Elektrikte tüketiciler için yeni dönem

Daha önce birçok yazıda kaleme aldığımız Talep Tarafı Katılımı modeli için çalışmalar son aşamaya gelmiş durumda. Elbette çalışabilir bir model oluşması için bazı olmazsa olmaz konular var.

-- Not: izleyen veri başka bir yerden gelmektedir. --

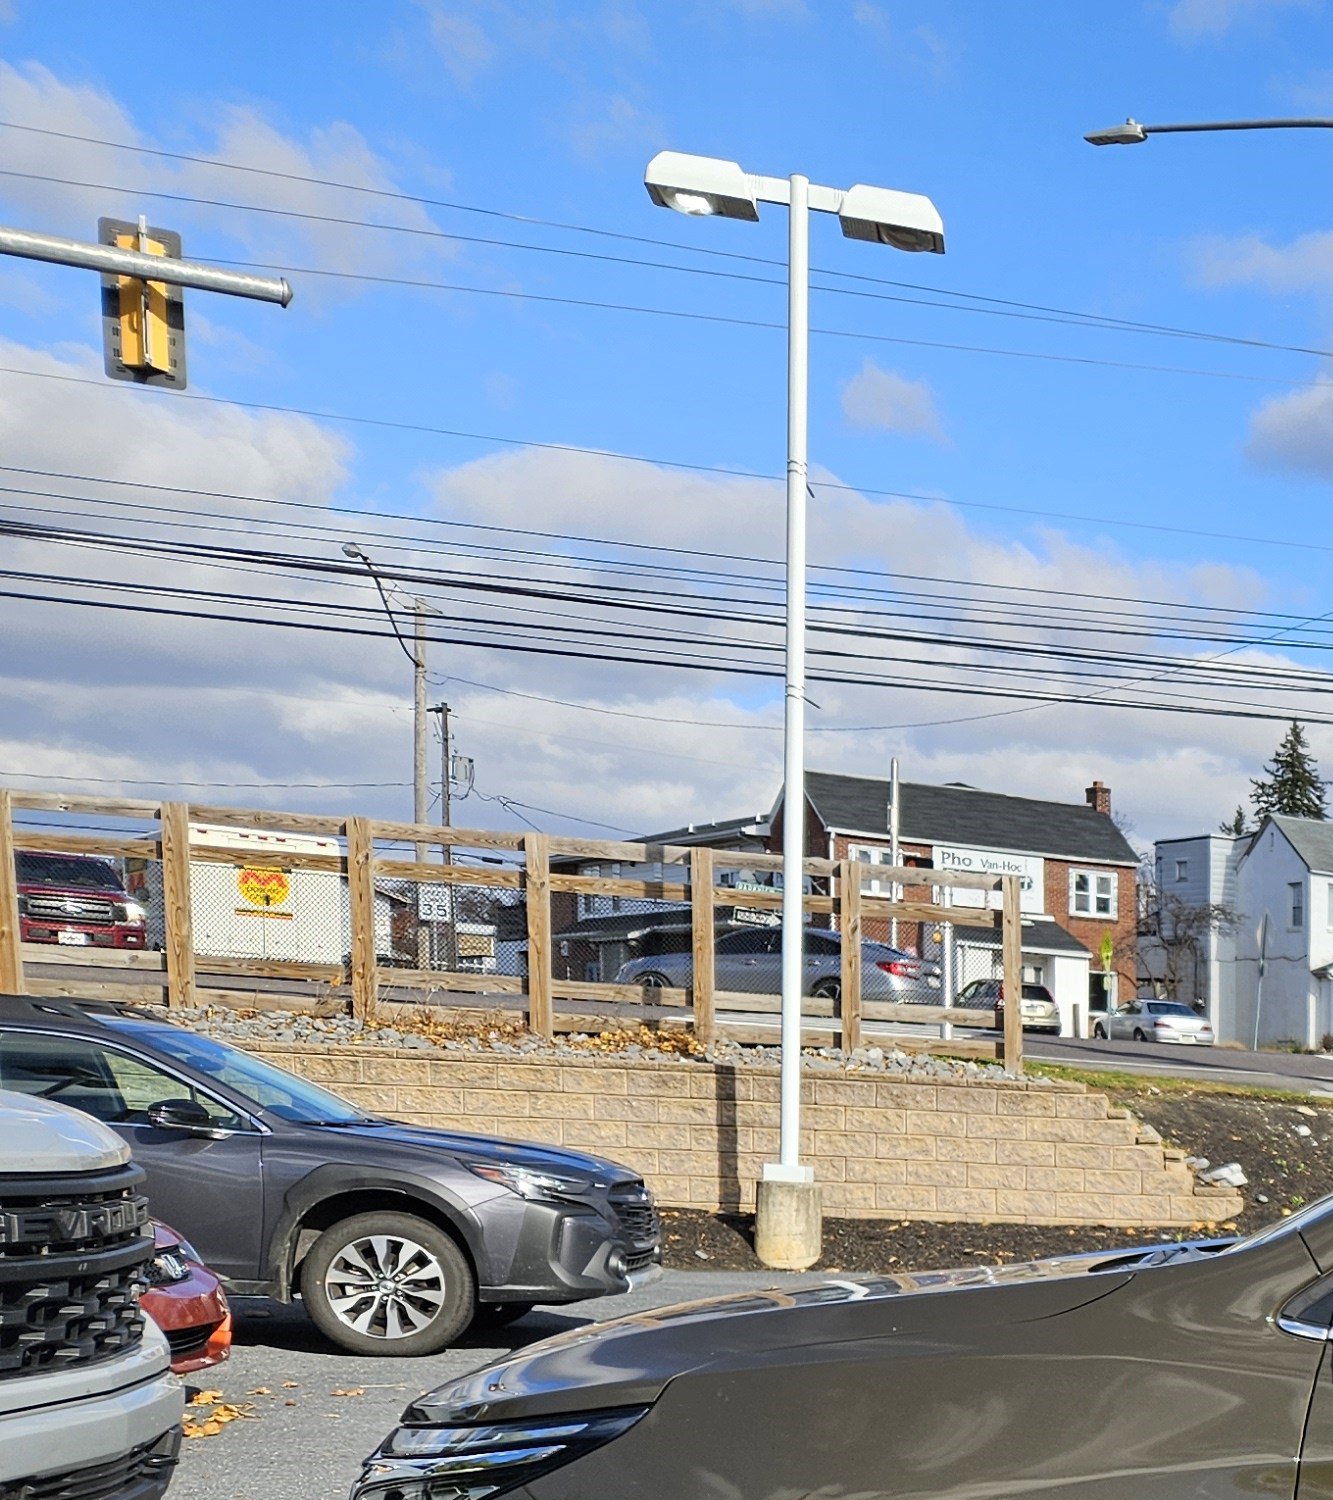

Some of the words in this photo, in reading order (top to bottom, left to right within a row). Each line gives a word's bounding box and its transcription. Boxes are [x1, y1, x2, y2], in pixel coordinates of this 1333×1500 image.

[941, 850, 972, 867] Pho
[980, 858, 1022, 873] Van-Hoc
[422, 903, 447, 917] 35

Dünyanın gelişmiş pazarlarında elektrik fiyatları doğrudan maliyeti yansıttığından ve bu sebeple de daha tahmin edilebilir ve yönetilebilir olduğundan özellikle büyük tüketiciler ciddi bir elektrik yönetimi mesaisi harcarlar.
Elektriğin yönetimi denildiğinde elbette verimlilik de dahil olmak üzere, fiyat ve miktar üzerinden, işletmenin temel işlerini etkilemeyecek ya da en az etkileyecek şekilde bir optimizasyon yapılmasından bahsediyoruz.
Toplam tüketimi, üretimi etkilemeden azaltmak ile konular doğrudan enerji verimliliği başlığı altında ve daha ziyade yatırım gerektiren mühendislik işleri gibi görünmekle birlikte elbette çok önemli katkılar sağlamaktadır. Ancak daha önce bahsettiğimiz gibi fiyatların sübvanse edildiği pazarlarda yeterince motive edici bir durum ortaya çıkmıyor.

• Diğer tarafta ise herhangi bir yatırım yapmadan sadece mevcut tüketimi daha iyi yöneterek elde edilen bir verim var. Bu elbette elektriğin hangi maliyetten ve hangi koşullarda satın alındığı meselesi ile de doğrudan ilişkili bir konu. Dolayısı ile sadece Talep Tarafı Katılımı konusu ile değil aynı zamanda tüketicinin bir elektrik piyasası oyuncu olması konusu da daha çok bahsedilir hale geliyor.
Daha önce birçok yazıda kaleme aldığımız Talep Tarafı Katılımı modeli için çalışmalar son aşamaya gelmiş durumda. Elbette çalışabilir bir model oluşması için bazı olmazsa olmaz konular var ancak öncesinde TTK modelinin de genel olarak ülkeye fayda sağlayan bir verim ya da optimizasyon olduğunu unutmamamak gerekir. Doğal gazda da uygulanabilecek bu yöntem tüketiciye doğru fiyatla doğru zamanda tüketme gibi bir motivasyon sağlıyor.
Gelişmiş ülkelerin hemen hepsinde uygulanan bu model bazen doğrudan Sistem işletmecisi eliyle yapılırken bazen de rekabete açık şeklide “Talep Toplayıcılar – Aggregators” eliyle yapılıyor. Sonuç olarak Sistemin İşletmecisi tüketicilerden bir çeşit opsiyon satın alıyor ve primini baştan ödüyor. Ancak anlık duruma göre bu tüketimle oynayabiliyor. Böylelikle sıkışık zamanlarda öncelikle pahalı üretim talimatı vermektense tüketimi azaltabilecek bir araca sahip oluyor.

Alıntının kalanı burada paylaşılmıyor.